§ **Prompt**:
Below are some records; give them all again exactly, but not the pictures.

§ **The input**:
--

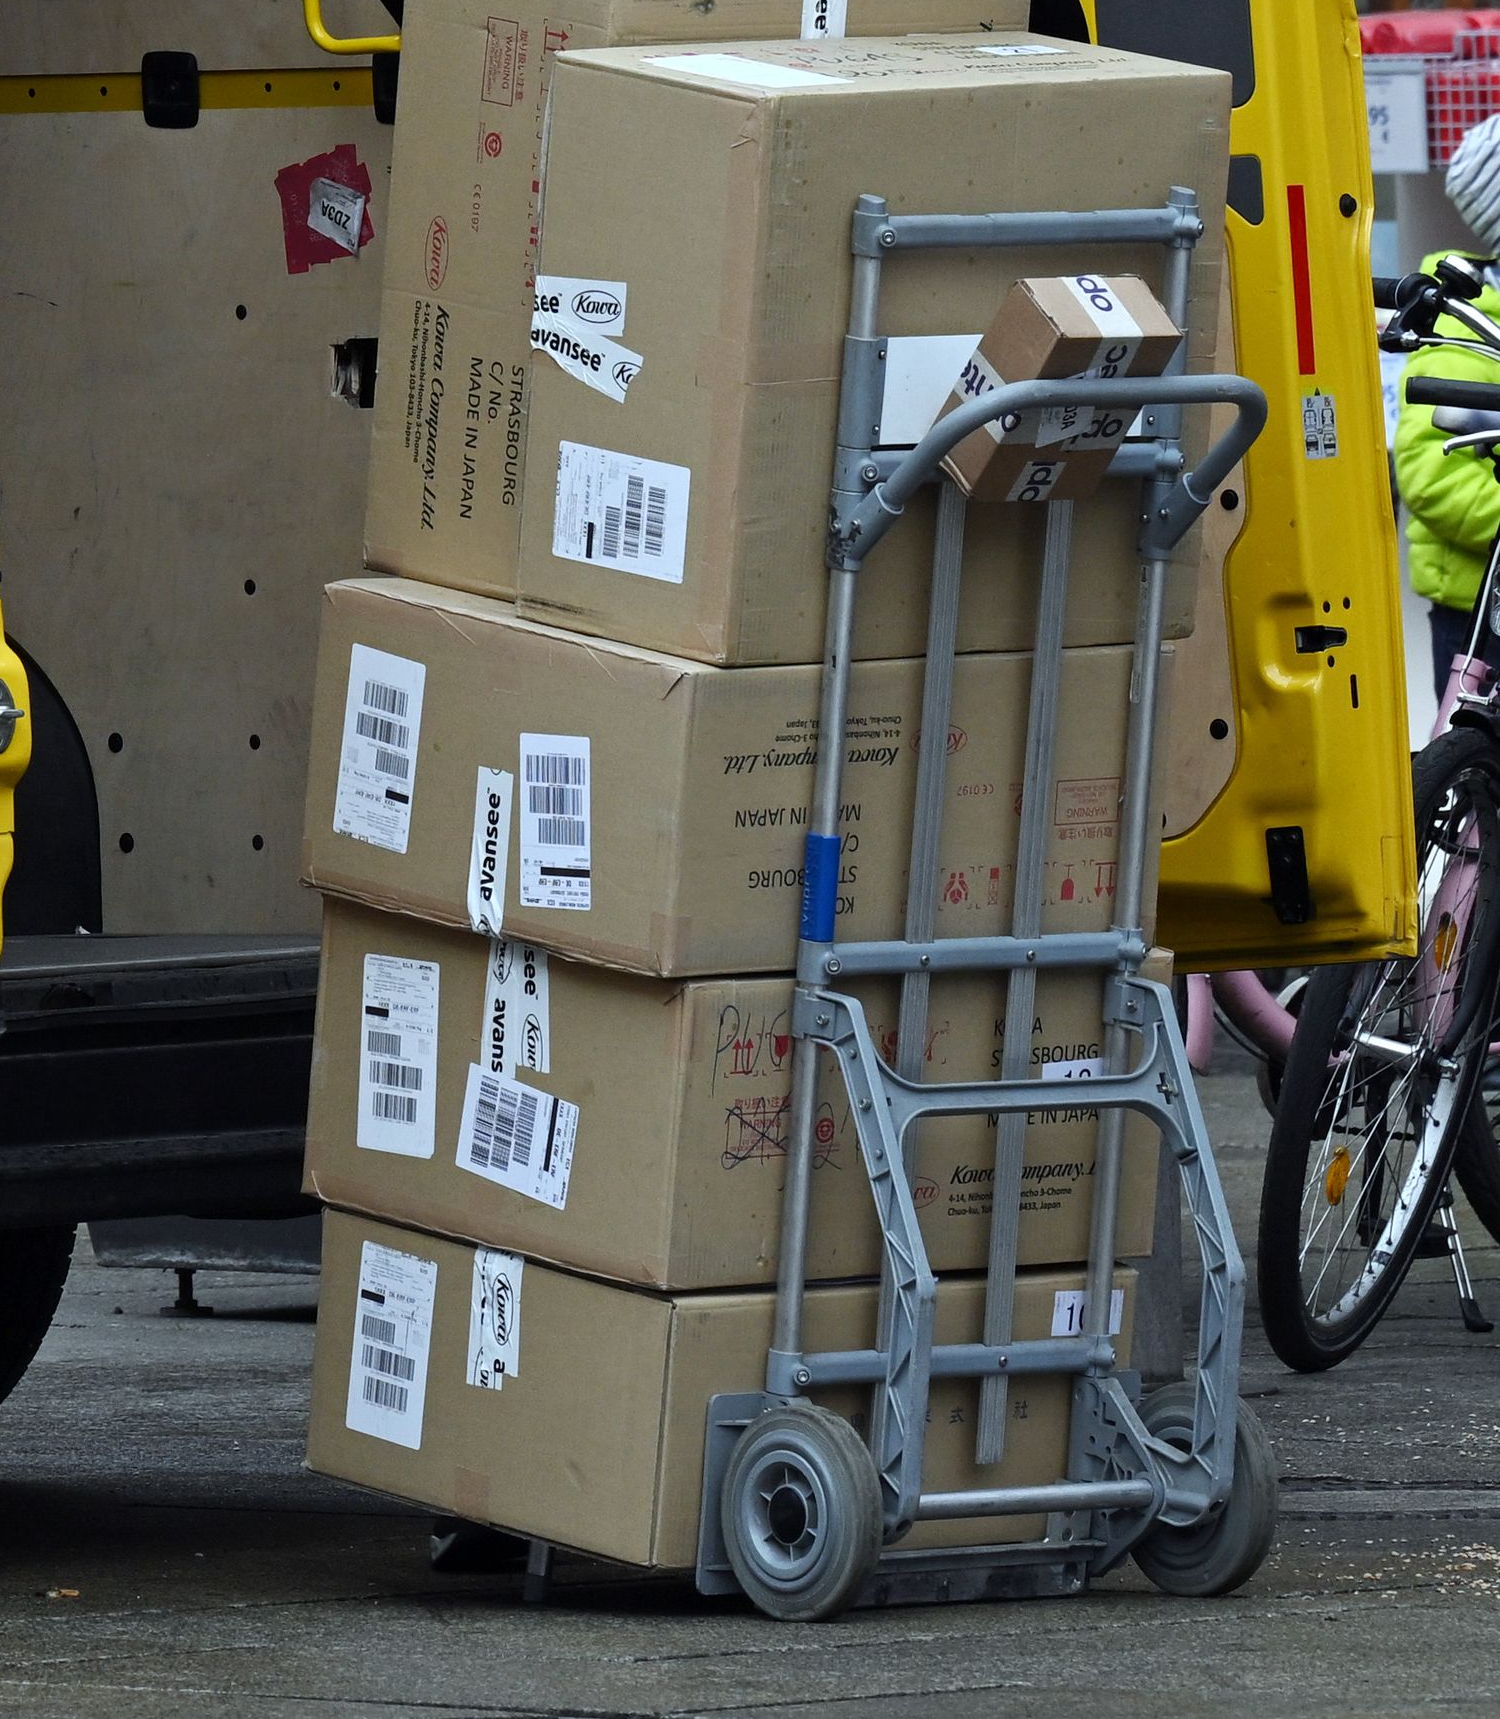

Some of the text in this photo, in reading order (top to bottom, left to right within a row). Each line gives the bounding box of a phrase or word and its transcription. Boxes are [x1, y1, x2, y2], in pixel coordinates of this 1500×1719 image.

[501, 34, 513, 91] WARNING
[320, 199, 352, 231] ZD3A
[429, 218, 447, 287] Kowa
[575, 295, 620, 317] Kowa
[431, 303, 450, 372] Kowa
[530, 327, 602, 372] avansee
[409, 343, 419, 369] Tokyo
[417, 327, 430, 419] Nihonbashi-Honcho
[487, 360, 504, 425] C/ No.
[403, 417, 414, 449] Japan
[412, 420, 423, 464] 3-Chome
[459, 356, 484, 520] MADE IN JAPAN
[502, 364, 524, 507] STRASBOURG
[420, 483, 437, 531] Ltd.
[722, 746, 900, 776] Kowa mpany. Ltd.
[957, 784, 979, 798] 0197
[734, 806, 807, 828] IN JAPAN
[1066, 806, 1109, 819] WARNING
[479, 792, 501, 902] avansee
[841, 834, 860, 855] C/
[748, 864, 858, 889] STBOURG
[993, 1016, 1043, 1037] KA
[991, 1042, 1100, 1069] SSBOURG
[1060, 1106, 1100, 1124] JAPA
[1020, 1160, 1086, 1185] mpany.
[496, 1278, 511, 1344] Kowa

--

§ **Result below**:
Some of the text in this photo, in reading order (top to bottom, left to right within a row). Each line gives the bounding box of a phrase or word and its transcription. Boxes are [x1, y1, x2, y2], in pixel coordinates of this 1500×1719 image.

[501, 34, 513, 91] WARNING
[320, 199, 352, 231] ZD3A
[429, 218, 447, 287] Kowa
[575, 295, 620, 317] Kowa
[431, 303, 450, 372] Kowa
[530, 327, 602, 372] avansee
[409, 343, 419, 369] Tokyo
[417, 327, 430, 419] Nihonbashi-Honcho
[487, 360, 504, 425] C/ No.
[403, 417, 414, 449] Japan
[412, 420, 423, 464] 3-Chome
[459, 356, 484, 520] MADE IN JAPAN
[502, 364, 524, 507] STRASBOURG
[420, 483, 437, 531] Ltd.
[722, 746, 900, 776] Kowa mpany. Ltd.
[957, 784, 979, 798] 0197
[734, 806, 807, 828] IN JAPAN
[1066, 806, 1109, 819] WARNING
[479, 792, 501, 902] avansee
[841, 834, 860, 855] C/
[748, 864, 858, 889] STBOURG
[993, 1016, 1043, 1037] KA
[991, 1042, 1100, 1069] SSBOURG
[1060, 1106, 1100, 1124] JAPA
[1020, 1160, 1086, 1185] mpany.
[496, 1278, 511, 1344] Kowa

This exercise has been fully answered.